Saturday, April 3, 2010

Galaxies

Antennae Galaxies

Photograph courtesy NASA, ESA, and the Hubble Heritage Team (STScI/AURA)-ESA/Hubble Collaboration

A Hubble Space Telescope image shows unprecedented detail of the Antennae galaxies, an intense star-forming region created when two galaxies began to collide some 200 million to 300 million years ago. The bright, blue-white areas show newly formed stars surrounded by clouds of hydrogen, which are colored pink. A similar collision is expected between our galaxy, the Milky Way, and the nearby Andromeda galaxy in several billion years.

Andromeda Galaxy

Photograph courtesy NASA/JPL/California Institute of Technology

The Andromeda galaxy, also known as Messier 31, is the largest neighboring galaxy to the Milky Way. This photo, a mosaic of ten images captured by the Galaxy Evolution Explorer spacecraft in 2003, shows blue-white regions along the galaxy's arms where new stars are forming and a central orange-white area containing older, cooler stars.

Cartwheel Galaxy

Photograph courtesy NASA/JPL-Caltech

This false-color view of the Cartwheel galaxy was created by combining images captured by four space telescopes: Galaxy Evolution Explorer, Hubble Space Telescope, Spitzer Space Telescope, and Chandra X-ray Observatory. Astronomers think a smaller galaxy, possibly one of two galaxies seen here (bottom left), passed through the center of the Cartwheel galaxy about 100 million years ago.

Large Magellanic Cloud

Photograph courtesy NASA/JPL/Hubble Heritage Team (STScI/AURA)

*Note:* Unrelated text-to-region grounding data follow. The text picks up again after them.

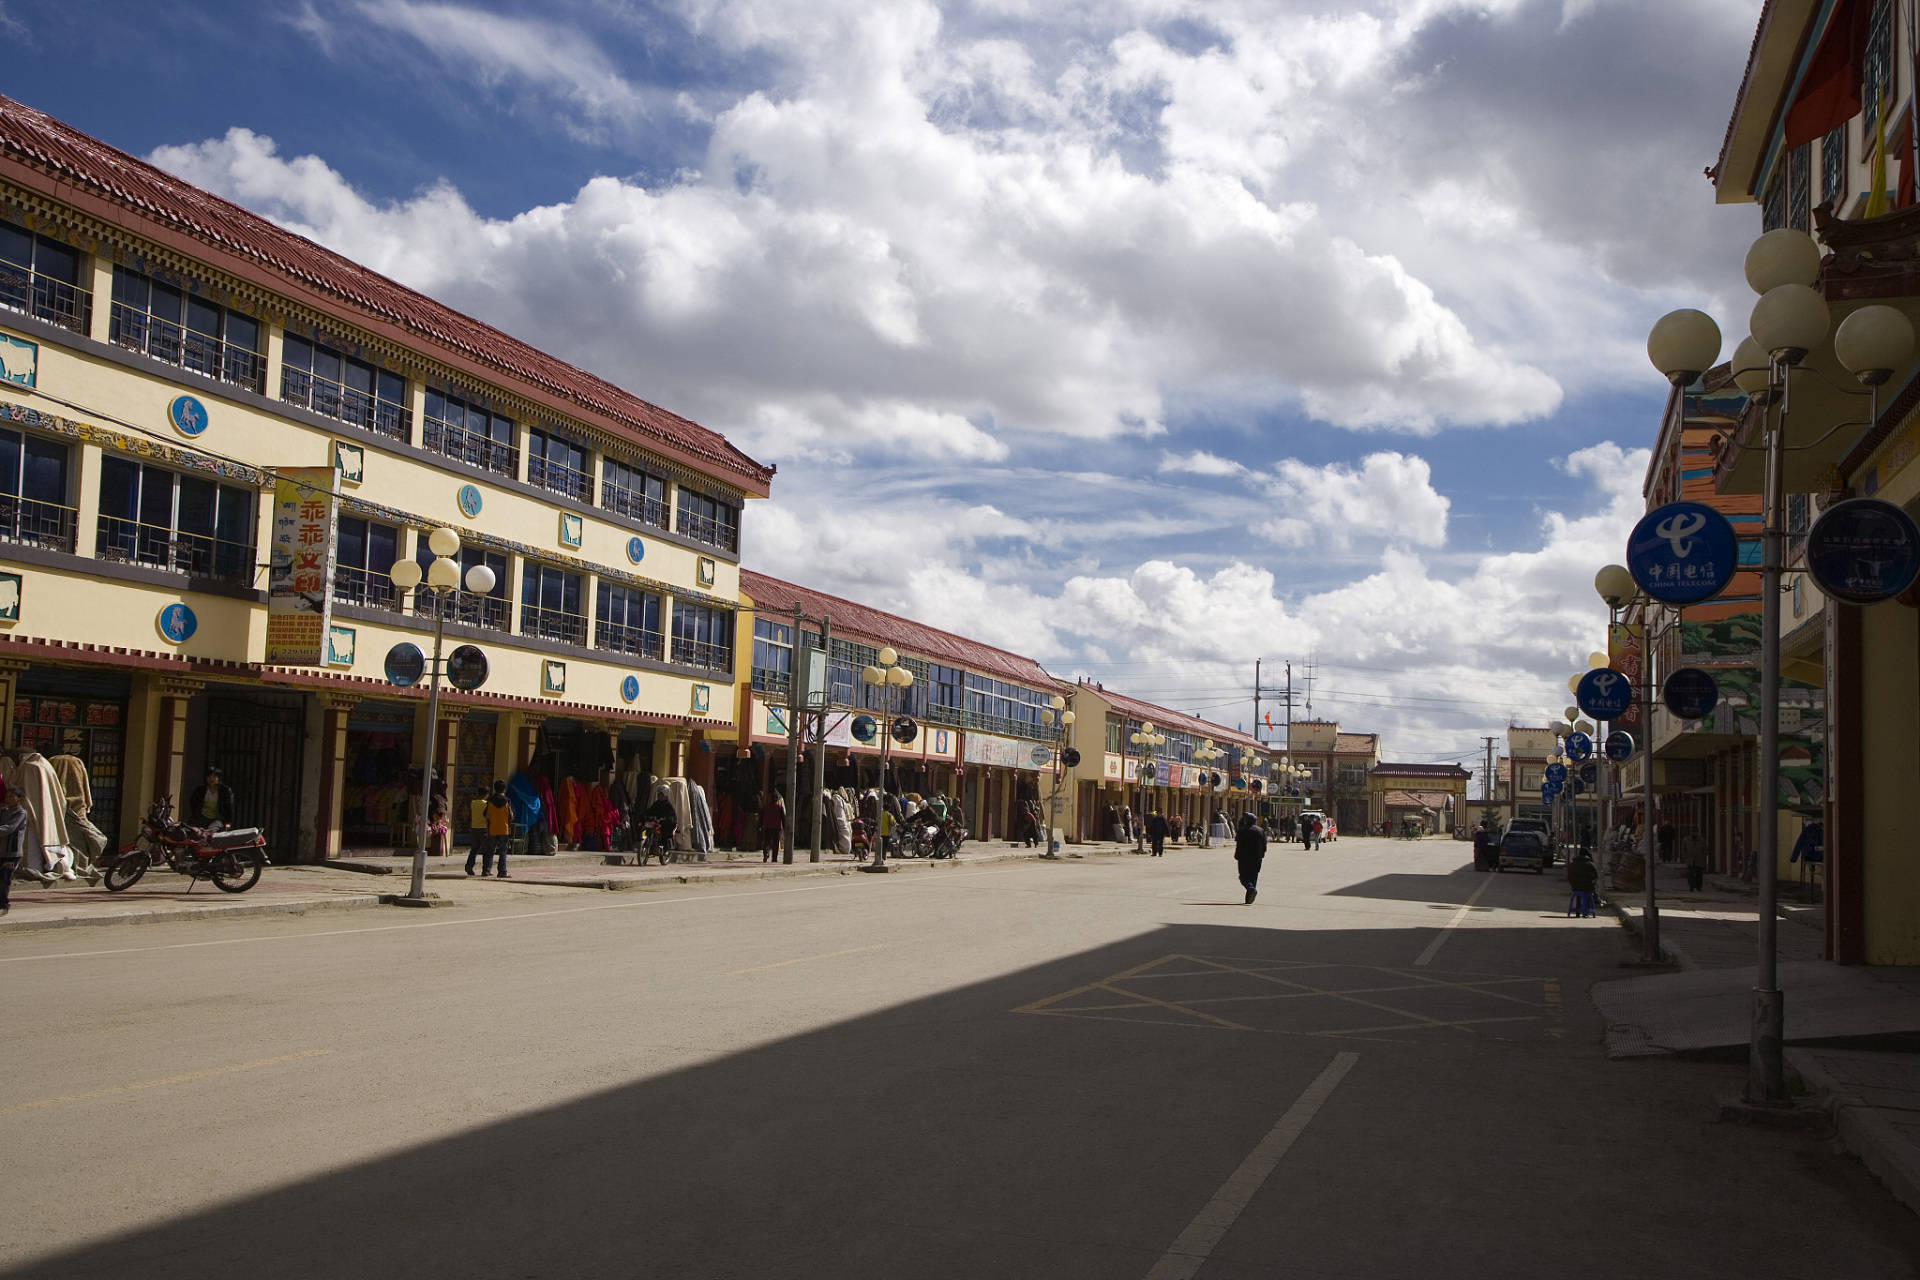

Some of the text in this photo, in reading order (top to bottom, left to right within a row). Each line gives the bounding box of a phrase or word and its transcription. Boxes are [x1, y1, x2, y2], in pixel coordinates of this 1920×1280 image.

[294, 500, 325, 594] 乖乖文印
[1649, 561, 1715, 581] 中国电信
[39, 700, 76, 724] 打字
[87, 703, 120, 725] 复印
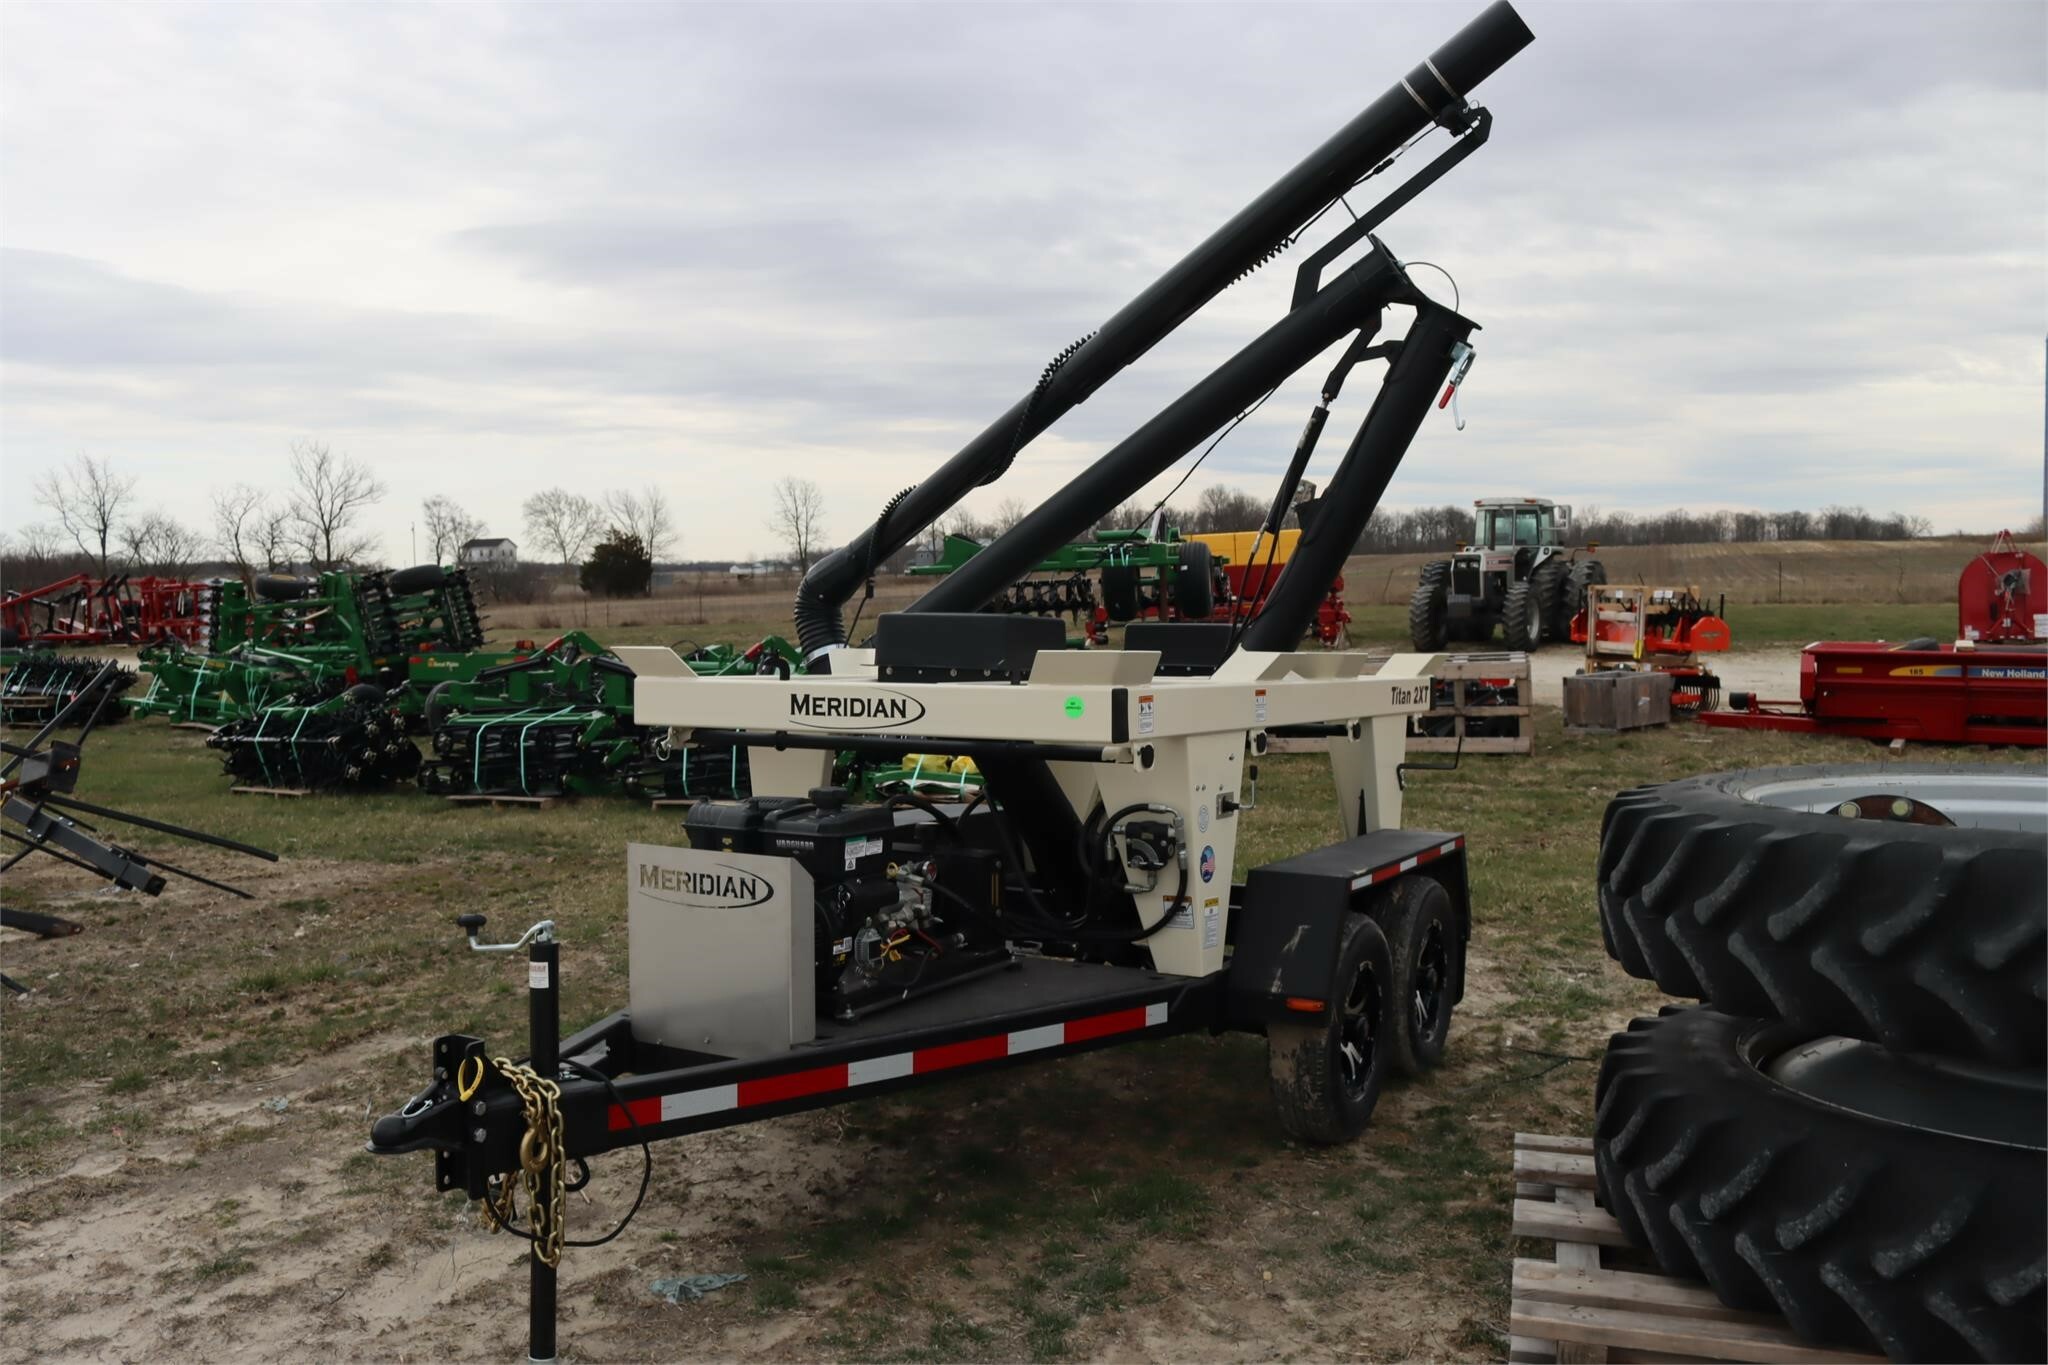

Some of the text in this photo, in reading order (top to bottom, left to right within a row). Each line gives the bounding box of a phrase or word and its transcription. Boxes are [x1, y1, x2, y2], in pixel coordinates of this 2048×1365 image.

[1982, 668, 2046, 679] New Holland
[790, 693, 907, 718] MERIDIAN
[1391, 685, 1429, 705] Titan 2XT
[639, 864, 756, 900] MERIDIAN

Sheets of debris from an exploded star swirl in the Large Magellanic Cloud (LMC) galaxy in this Hubble Space Telescope image. At a distance of about 180,000 light years, the LMC galaxy is a relatively close neighbor of the Milky Way. It can be spotted from the Earth's Southern Hemisphere without a telescope.

Milky Way Galaxy



Illustration courtesy NASA/JPL-Caltech

This 2008 illustration shows a revised look at our galaxy, the Milky Way. Scientists studying infrared images from NASA's Spitzer Space Telescope determined our galaxy's spiral has two major and two minor arms instead of four major arms, as was previously thought. The demoted arms can be seen as faint trails between the major arms, which emanate from the ends of the orange central bar.

Black Eye Galaxy

Photograph courtesy NASA and The Hubble Heritage Team (AURA/STScI)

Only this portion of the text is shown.